- [WHAT YOU NEED TO DO] Restate each record word for word, omitting whatever pictures it holds.
┌─ RECORDS FOR THIS EXERCISE
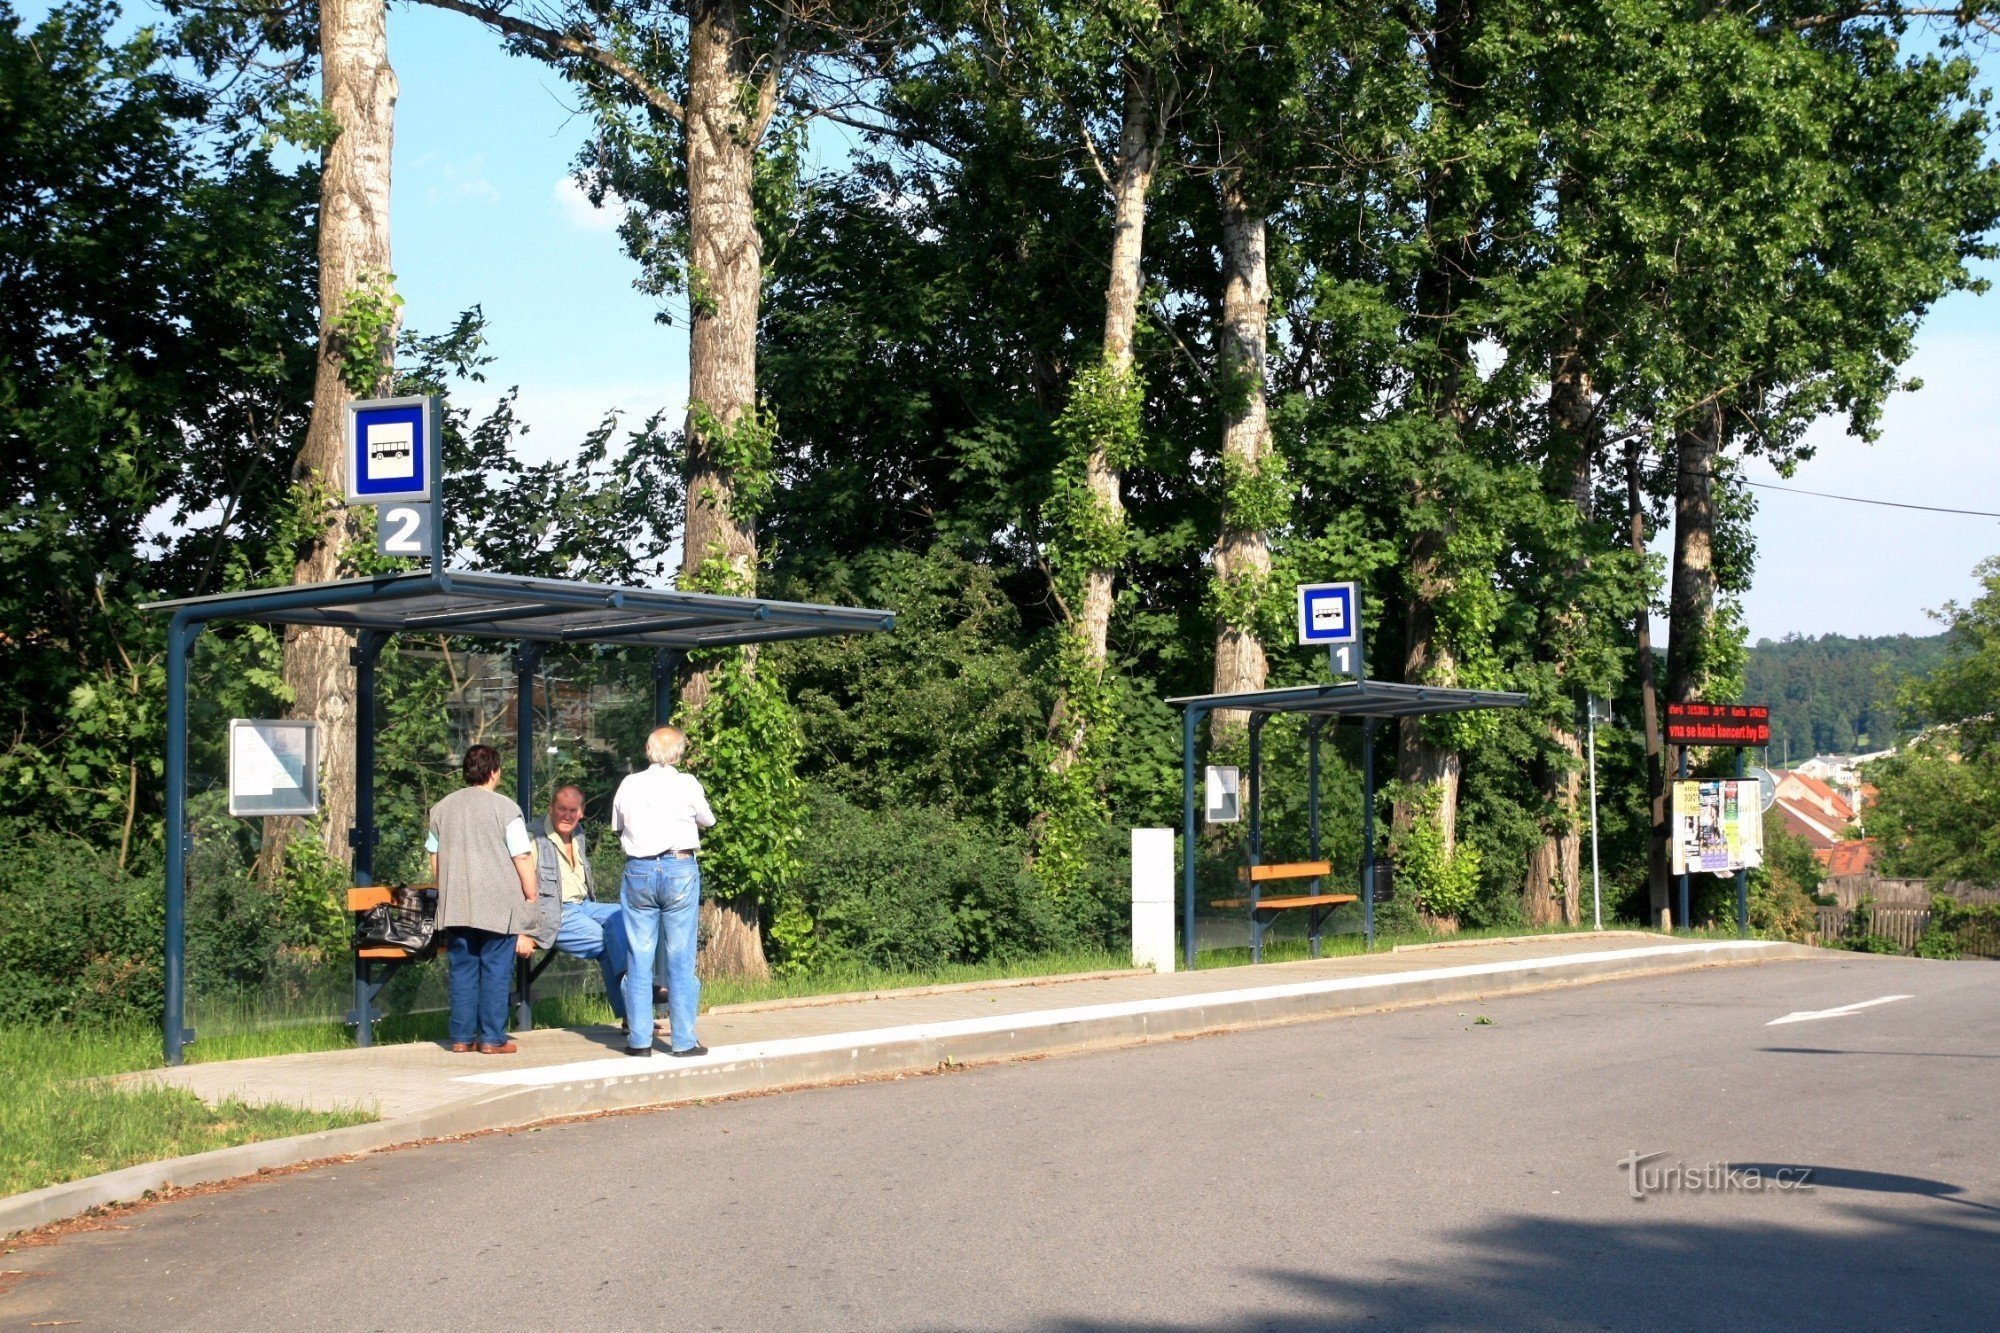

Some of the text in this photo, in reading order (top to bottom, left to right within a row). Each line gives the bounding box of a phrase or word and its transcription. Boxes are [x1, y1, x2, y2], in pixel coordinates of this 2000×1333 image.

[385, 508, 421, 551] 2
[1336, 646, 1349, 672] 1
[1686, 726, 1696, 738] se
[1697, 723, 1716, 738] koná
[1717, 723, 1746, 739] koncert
└─
- [REPLY TO THE EXERCISE]
Some of the text in this photo, in reading order (top to bottom, left to right within a row). Each line gives the bounding box of a phrase or word and its transcription. Boxes are [x1, y1, x2, y2], in pixel coordinates of this 2000×1333 image.

[385, 508, 421, 551] 2
[1336, 646, 1349, 672] 1
[1686, 726, 1696, 738] se
[1697, 723, 1716, 738] koná
[1717, 723, 1746, 739] koncert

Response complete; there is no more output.